I think Wiz could be improved by identifying vulnerabilities occurring in a repeated pattern in the same estate. The AI capability should scan these and warn us based on historic data before moving or running a container scan. It should suggest somewhere on the dashboard that based on the last year, I've identified these vulnerabilities in a repeated fashion, so perhaps it's time to improve.
I have been using Wiz for the last two years, probably around close to a year, but then I moved out from that engagement. I still have access to Wiz, and my account is still active with Wiz. The last time that I had hands-on experience with Wiz was three months ago.
I find Wiz to be pretty stable, and I have not heard of it going down.
In terms of scalability, it is straightforward. During our busiest period, Black Friday, I have not heard of issues with Wiz struggling to cope with the volumes we handle.
I would rate the technical support of Wiz a seven, as it is fairly decent.
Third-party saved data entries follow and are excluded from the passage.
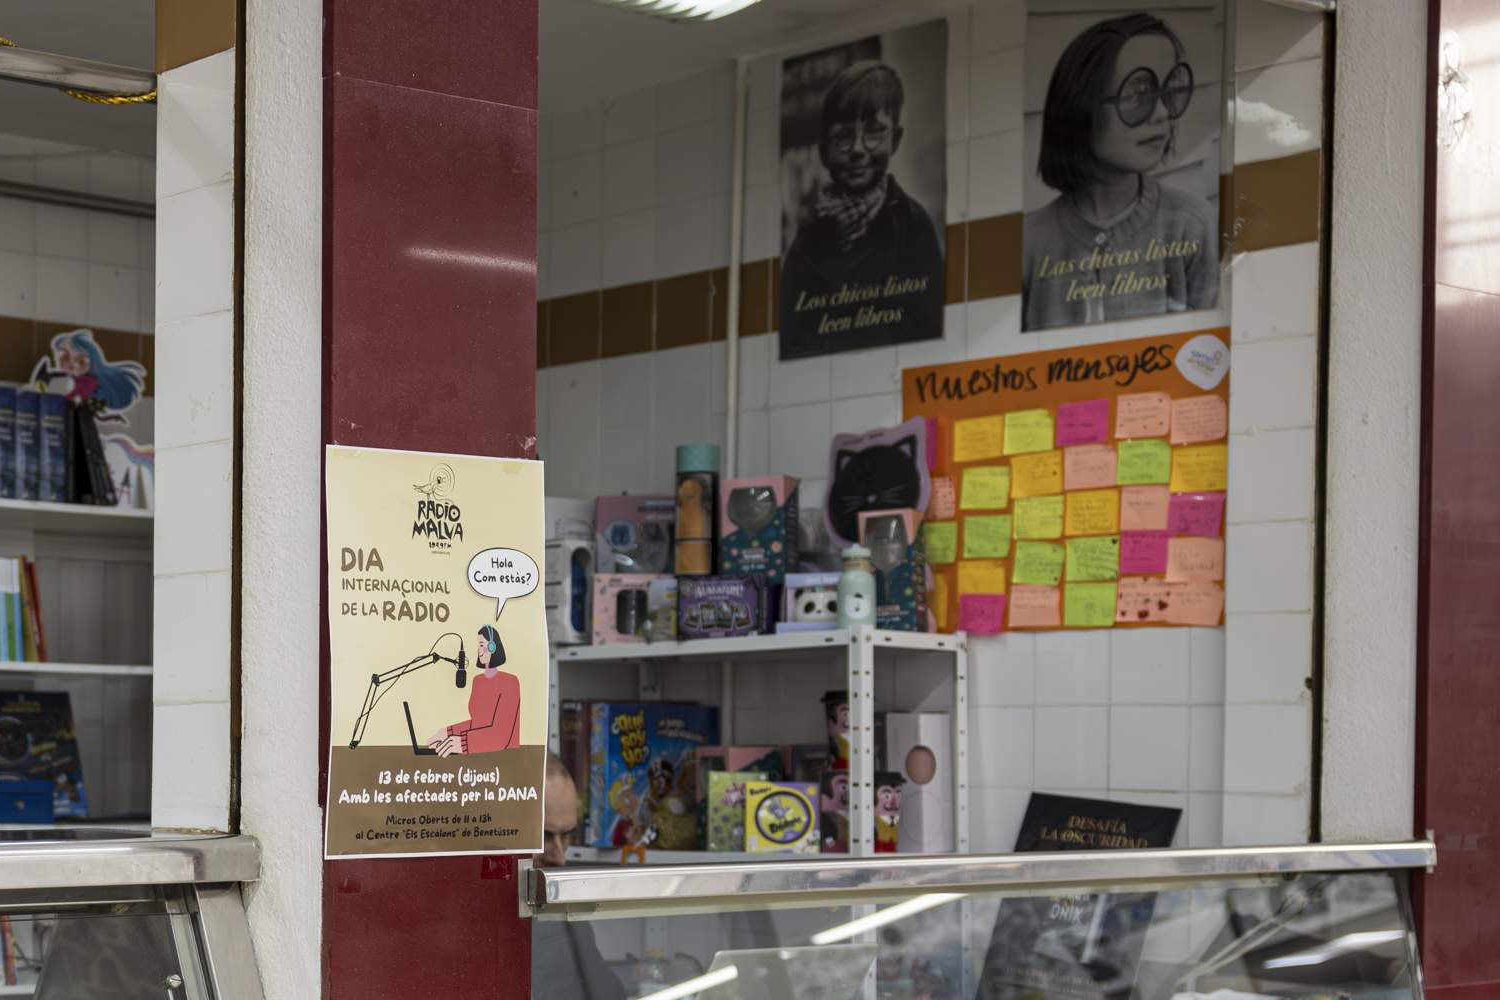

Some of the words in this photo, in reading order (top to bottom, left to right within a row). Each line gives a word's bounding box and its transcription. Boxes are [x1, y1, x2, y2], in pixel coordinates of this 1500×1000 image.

[1038, 254, 1075, 280] Las
[1079, 242, 1140, 272] chicas
[1146, 238, 1200, 264] listas
[830, 281, 879, 306] chicos
[883, 275, 929, 300] listos
[1066, 279, 1106, 303] leen
[1111, 271, 1170, 298] libros
[818, 312, 851, 335] leen
[855, 303, 904, 329] libros
[1049, 345, 1174, 386] mensajes
[412, 518, 463, 542] MALVA
[340, 547, 384, 572] DIA
[491, 557, 514, 569] Hola
[341, 578, 451, 595] INTERNACIONAL
[473, 570, 497, 584] Com
[499, 571, 532, 586] estàs?
[341, 602, 358, 616] DE
[362, 602, 379, 616] LA
[382, 592, 451, 623] RÀDIO
[378, 770, 392, 785] 13
[395, 768, 410, 785] de
[413, 768, 455, 784] febrer
[457, 766, 500, 788] (dijous)
[338, 788, 370, 805] Amb
[373, 789, 392, 804] les
[395, 787, 458, 804] afectades
[461, 790, 481, 807] per
[484, 787, 495, 801] la
[497, 786, 538, 802] DANA
[385, 814, 416, 826] Micros
[418, 813, 449, 825] Oberts
[451, 813, 462, 824] de
[479, 813, 492, 823] 13h
[355, 829, 364, 840] al
[366, 829, 399, 841] Centre
[462, 827, 472, 837] de
[1041, 828, 1061, 842] LA
[1060, 829, 1148, 849] OSCURIDAD
I can't think of anything I am not happy about with the technical support since I have not been directly involved; it is our security team. I haven't heard them complaining much, and they were responsive to our queries when we started the engagement.
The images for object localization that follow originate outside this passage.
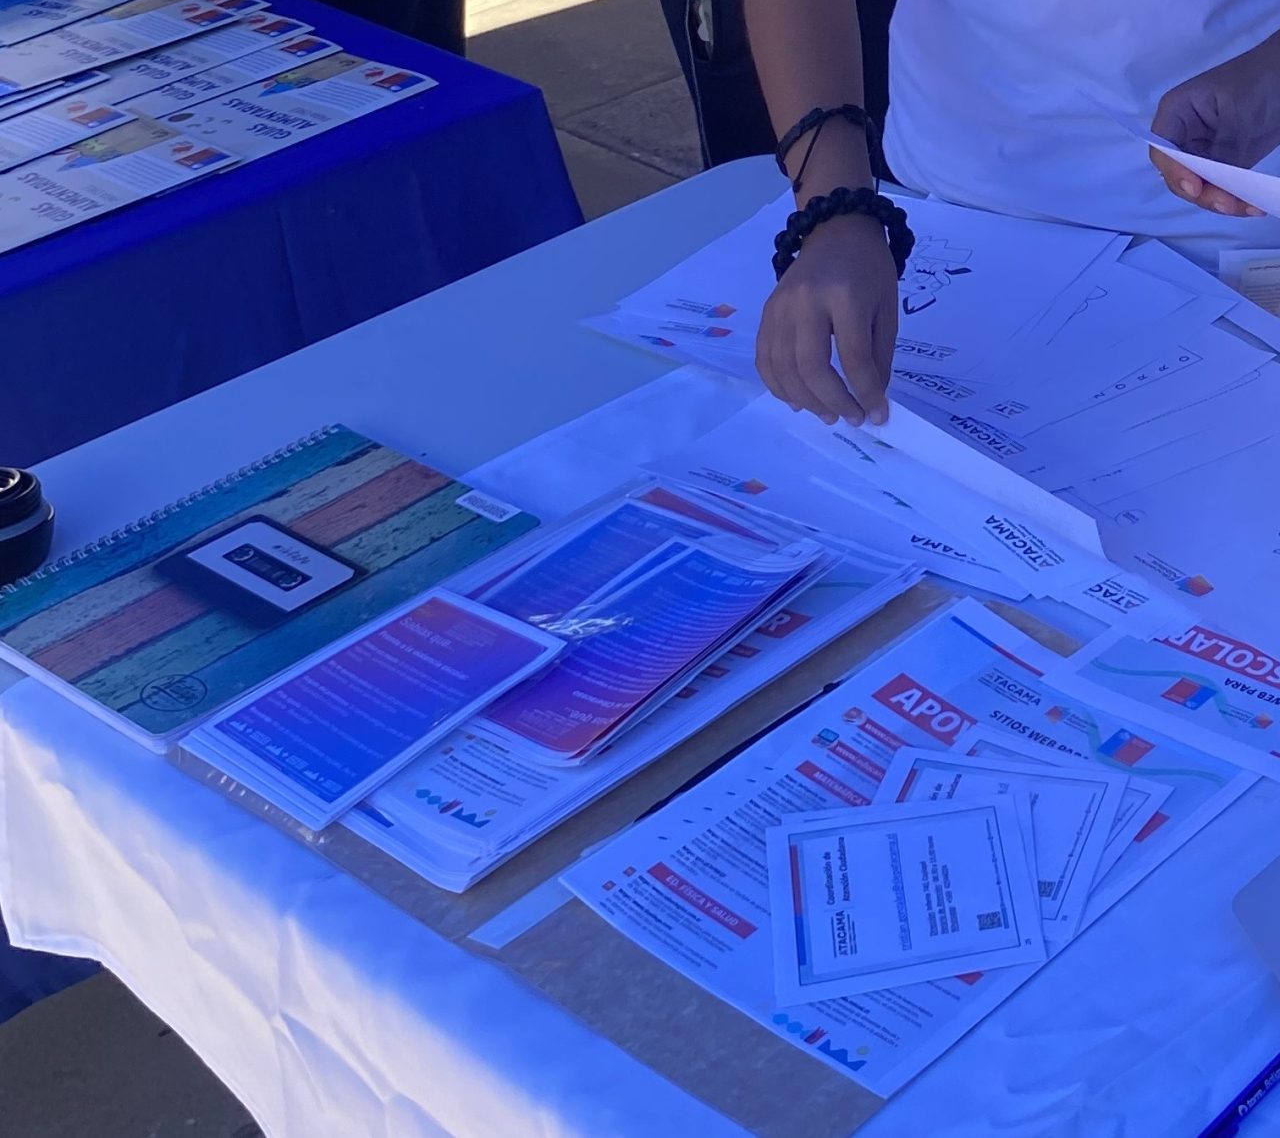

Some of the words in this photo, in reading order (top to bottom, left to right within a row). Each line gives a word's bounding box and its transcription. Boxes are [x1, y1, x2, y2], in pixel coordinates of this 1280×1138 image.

[129, 63, 171, 80] GUÍAS
[221, 96, 316, 131] ALIMENTARIAS
[245, 122, 292, 140] GUÍAS
[18, 171, 104, 212] ALIMENTARIAS
[31, 203, 75, 223] GUÍAS
[949, 412, 1016, 460] ATACAMA
[984, 512, 1054, 573] ATACAMA
[982, 668, 1044, 707] ATACAMA
[1223, 676, 1258, 698] PARA
[989, 708, 1030, 736] SITIOS
[1027, 728, 1058, 750] WEB
[822, 851, 831, 859] de
[836, 836, 848, 871] Ciudadana
[678, 881, 708, 907] FÍSICA
[704, 899, 715, 911] Y
[710, 903, 740, 928] SALUD
[836, 909, 849, 956] ATACAMA
Before Wiz, I used Snyk for the same use cases. The decision to stop using Snyk and switch to Wiz was a central security decision, not mine. From what I understand, it may be related to Snyk becoming overly particular about the pricing models.
I participated in the initial setup of Wiz during a pilot conducted by our security team, where my team was chosen to run scans on some of our repos. This was around two years back. I found the initial setup of Wiz not entirely straightforward; there is a learning curve involved. I believe the Wiz team was pretty supportive during our adoption journey.
I am not certain if I utilized Wiz Defend in my security strategy as I haven't heard of it. There is a separate security team which adds the policies and the setup, and we are asked to run the respective pipeline so that all the container scans and build scans adhere to our security guidelines. It may be done as part of our security offering by the security team, which I am not aware of.
I am not certain what Wiz Runtime Sensor is or if it is part of the offering. I think it is available as part of the explorer, but I can't remember.
I can confirm that zero criticals in our issue queues is not possible; you will get critical vulnerabilities. What we have to assess is the level of security threat based on the score that is assigned. We do have critical vulnerabilities, but what Wiz does is help identify them, and wherever possible, provide a remedy or solution for them. We try to assess and review that periodically and try to reduce the severity of the vulnerability. In some cases, Wiz suggests certain actions which could probably downgrade the critical severity to medium or high.
Wiz has reduced alert fatigue in our area to some extent. It will identify a vulnerability, send an alert, and if there is a possible fix, if I give that command, then Wiz will try to do that by itself. I can't comment on the organization as a whole, but in the project that I have access to, I can see that for the last six months, Wiz has helped reduce alert fatigue by about twenty percent over a given time period.
Regarding the pricing of Wiz, that's a question for our security team; I don't know what tenant or at what level they have been using it. From what I understand, they are quite competitive and fairly price their offering. In an area where Wiz is helping us is in endpoint management, where their RED agent provides endpoints whenever incidents are raised. I believe they are pretty flexible on the pricing since they want to enhance their footprint globally.
I rate this review eight out of ten.